Physicians may not need to consider the risk of AKI when choosing between prescribing SNRIs versus SSRIs.

For more information, please contact info@cnodes.ca.

What is the issue?

  • Serotonin-norepinephrine reuptake inhibitors (SNRI) and selective serotonin reuptake inhibitors (SSRI) are classes of antidepressants that have been shown to be better tolerated than other antidepressants.
  • However, a series of 16 spontaneous reports of acute kidney injury (AKI) in people using the SNRI duloxetine were identified in the Canada Vigilance database and 157 reports were identified in the World Health Organization (WHO) Adverse Reaction Database. Similar cases of AKI were reported with the two other SNRIs, venlafaxine and desvenlafaxine.

What was the aim of the study?

  • The primary aim of this study, conducted by the Canadian Network for Observational Drug Effect Studies (CNODES), was to determine if using SNRIs was associated with an increased risk of hospitalization for AKI, compared to using SSRIs in patients without kidney disease.
  • The secondary aim was to examine the risk of AKI associated with each SNRI drug.

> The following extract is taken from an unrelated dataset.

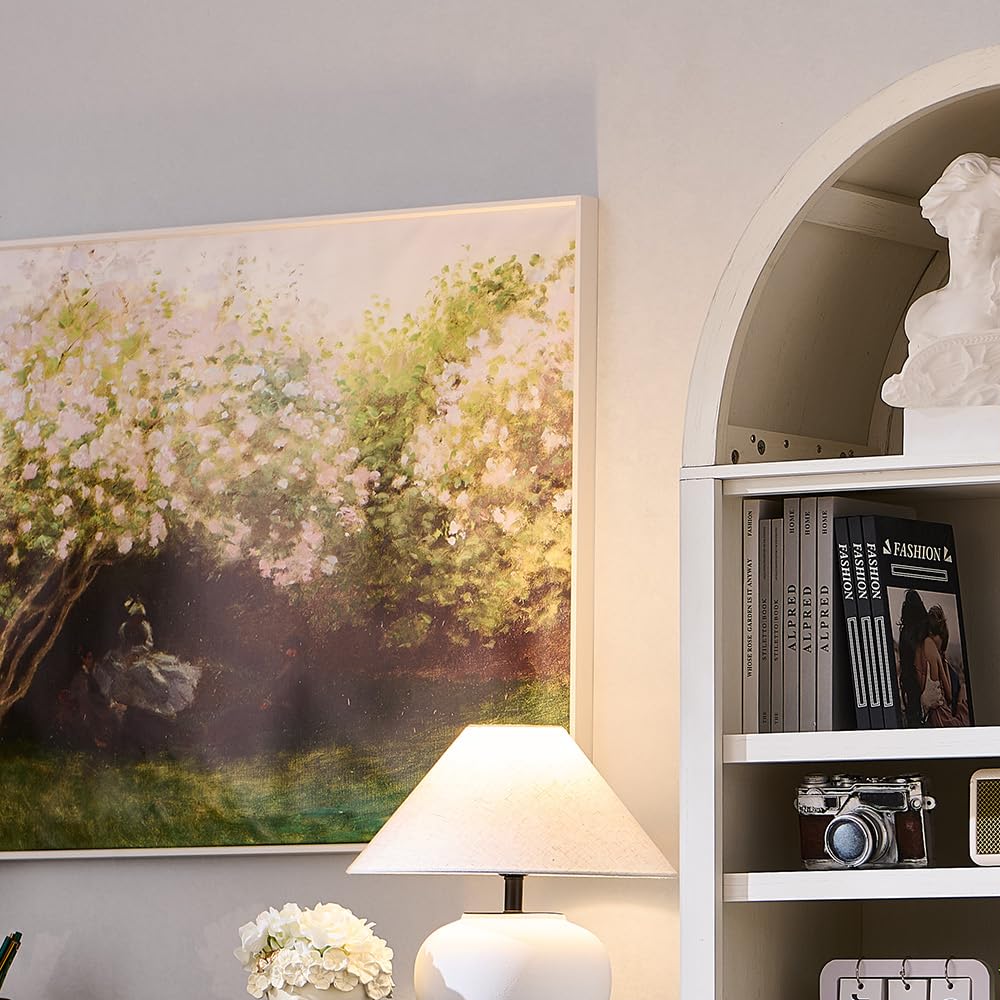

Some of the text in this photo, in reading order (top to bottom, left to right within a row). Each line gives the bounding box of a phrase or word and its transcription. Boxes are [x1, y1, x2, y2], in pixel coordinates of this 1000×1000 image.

How was the study conducted?

  • CNODES investigators identified 557,476 new users of SNRIs and 2,698,050 new users of SSRIs from eight administrative databases from Canada, the United States, and the United Kingdom.
  • Up to ten controls were randomly selected and matched to each case of AKI. The number of new cases of AKI in SNRI users was then compared to the number of new cases in SSRI users. A total of 38,974 cases of AKI were matched to 384,034 controls.

What did the study find?

  • Using SNRIs was not associated with an increased risk of hospitalization for AKI compared to SSRIs.
  • Using the SNRIs venlafaxine and desvenlafaxine was not associated with an increased risk of AKI, but using duloxetine was associated with a 16% increased risk. However, this result was not statistically significant and was explained by the fact that more people with diabetes tend to use this SNRI over other antidepressants.
  • CNODES has the ability to analyze a large amount of anonymous patient data to reliably assess questions of drug safety and effectiveness.